EUA evitam apoiar proposta de fim do uso dos HFCs

Governo Obama reconhece o risco das substâncias, mas prefere reservar negociação para mais tarde

Associated Press,

04 de maio de 2009 | 19h24

O governo dos Estados Unidos referiu-se aos hidrofluorcarbonos, largamente utilizados em refrigeradores e condicionadores de ar, como uma ameaça "muito significativa" à estabilidade do clima, e expressou preferência por reduzir drasticamente o uso desses gases, conhecidos como HFCs, e cuja utilização é promovida por um acordo da ONU para a preservação da camada de ozônio.

 

Mas uma alta figura do Departamento de Estado não chegou a apoiar uma proposta feita pelas nações insulares de Micronésia e Maurício, que pretendiam alterar o acordo de proteção do ozônio, o chamado Protocolo de Montreal, para prever um corte de 90% no uso de HFCs até 2030.

 

O tratado promove o uso dos HFCs, que são potentes causadores do efeito estufa, mas que não agridem a camada de ozônio, que protege a Terra dos raios ultravioleta do Sol.
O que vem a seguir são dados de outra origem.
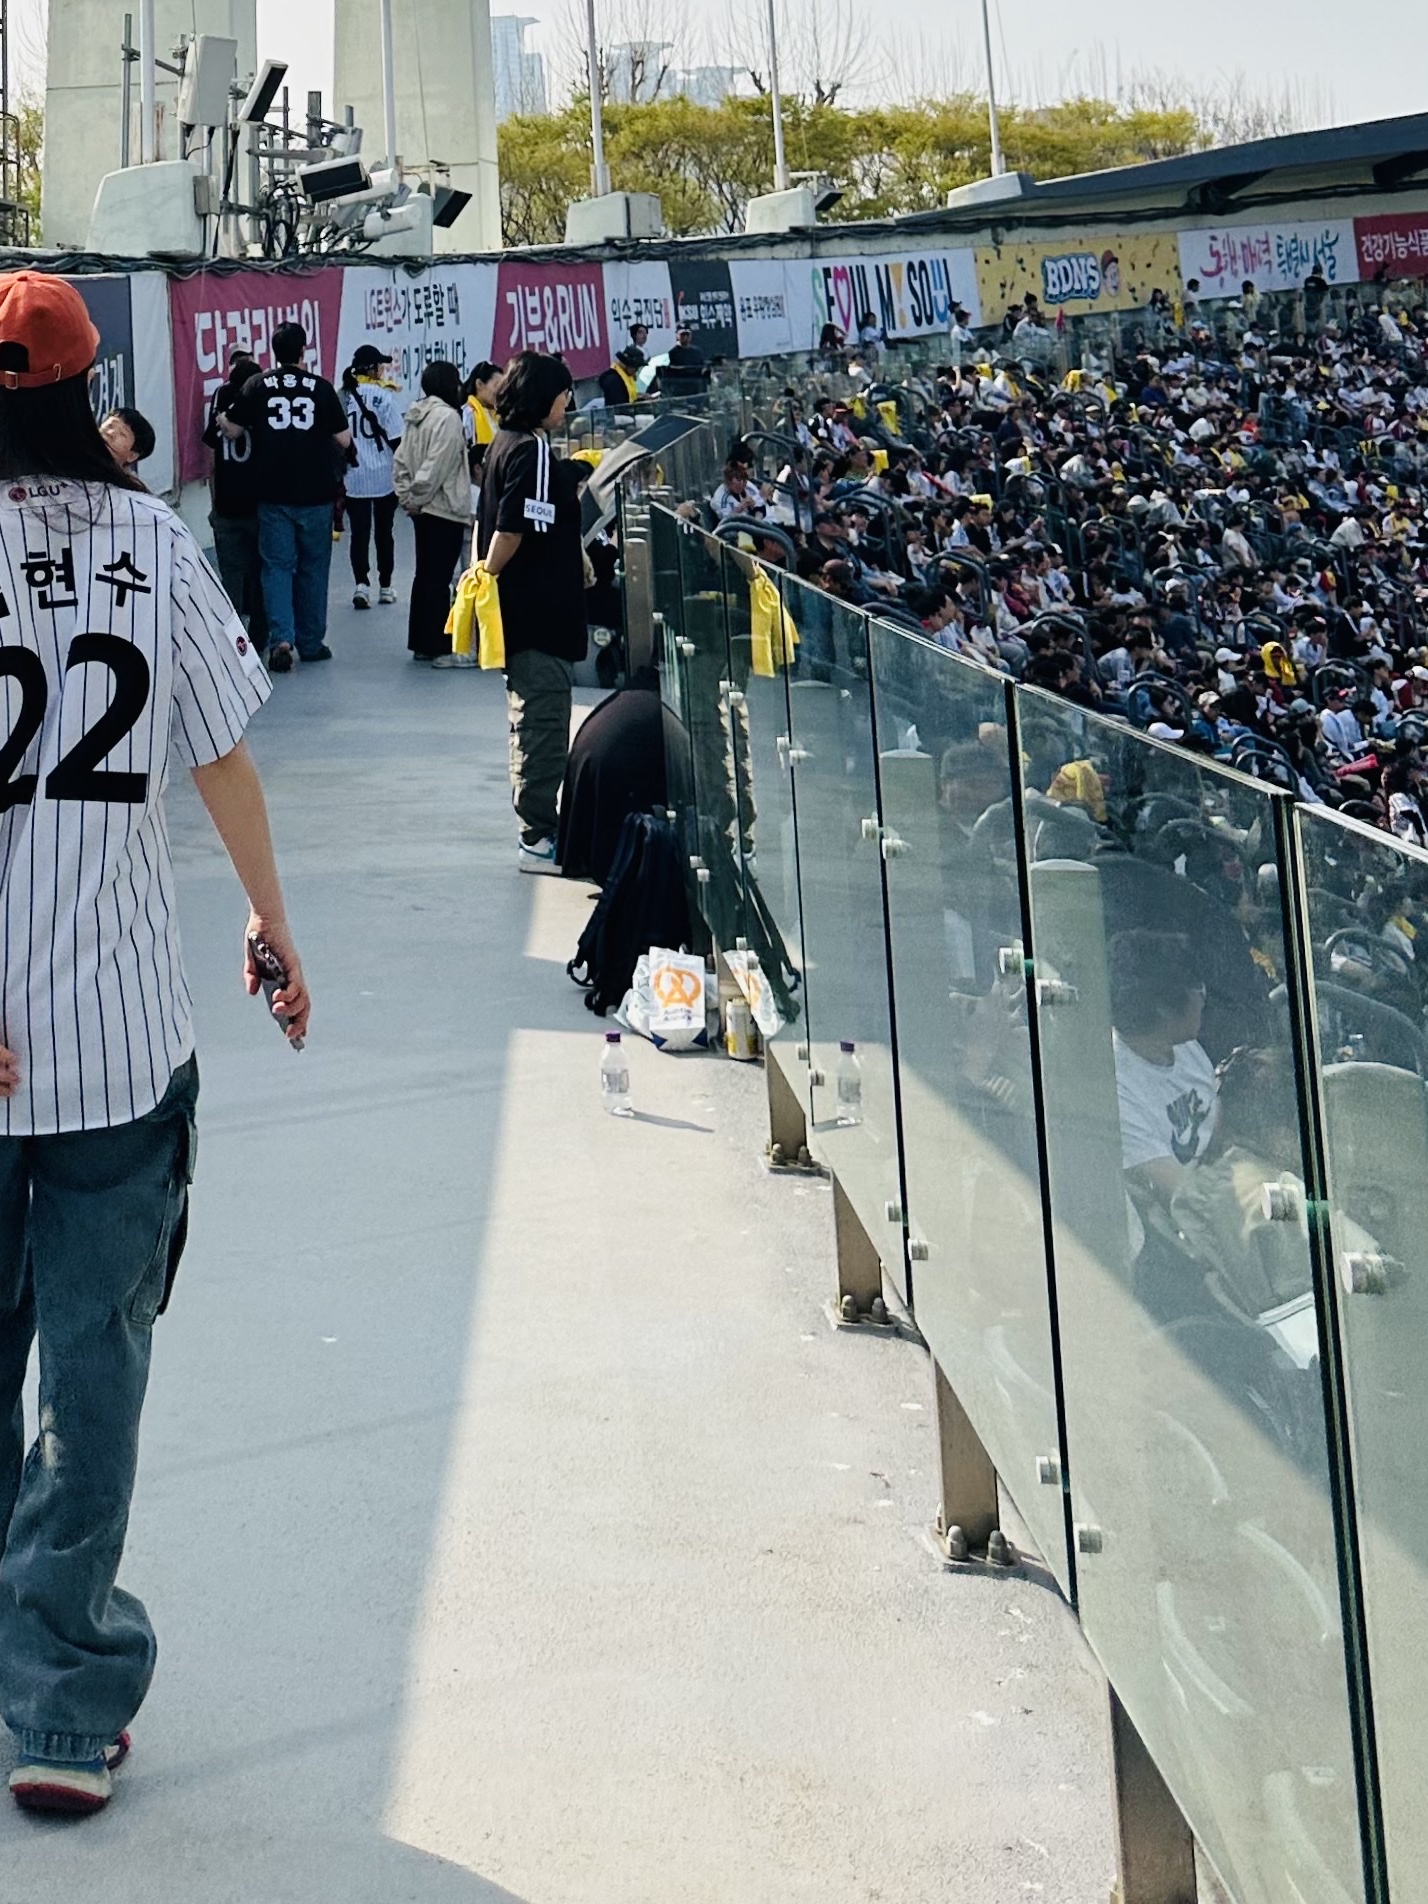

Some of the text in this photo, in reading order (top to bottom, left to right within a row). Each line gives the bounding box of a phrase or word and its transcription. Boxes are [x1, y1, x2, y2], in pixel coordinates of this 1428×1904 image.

Os HFCs foram adotados em substituição aos CFCs, que atacam o ozônio da atmosfera e cujo uso já foi praticamente erradicado.

Micronésia e Maurício queriam incluir o fim do uso dos HFCs na revisão do acordo de Montreal, prevista para novembro.

 

Autoridades no Departamento de Estado, na Agência de Proteção Ambiental e no Departamento de Defesa haviam apoiado uma redução dos HFCs, mas a ideia encontrou resistência na Casa Branca, onde o governo procura reunir forças para negociar o tratado que sucederá o Protocolo  de Kyoto, contra a mudança climática.

 

Os EUA ficaram sem tempo "para completar a análise necessária para compreender os impactos potenciais de tal abordagem ou considerar como uma emenda ao Protocolo de Montreal para tratar dos HFCs iria afetar as negociações... para o período pós-2012", quando vence o Protocolo de Kyoto.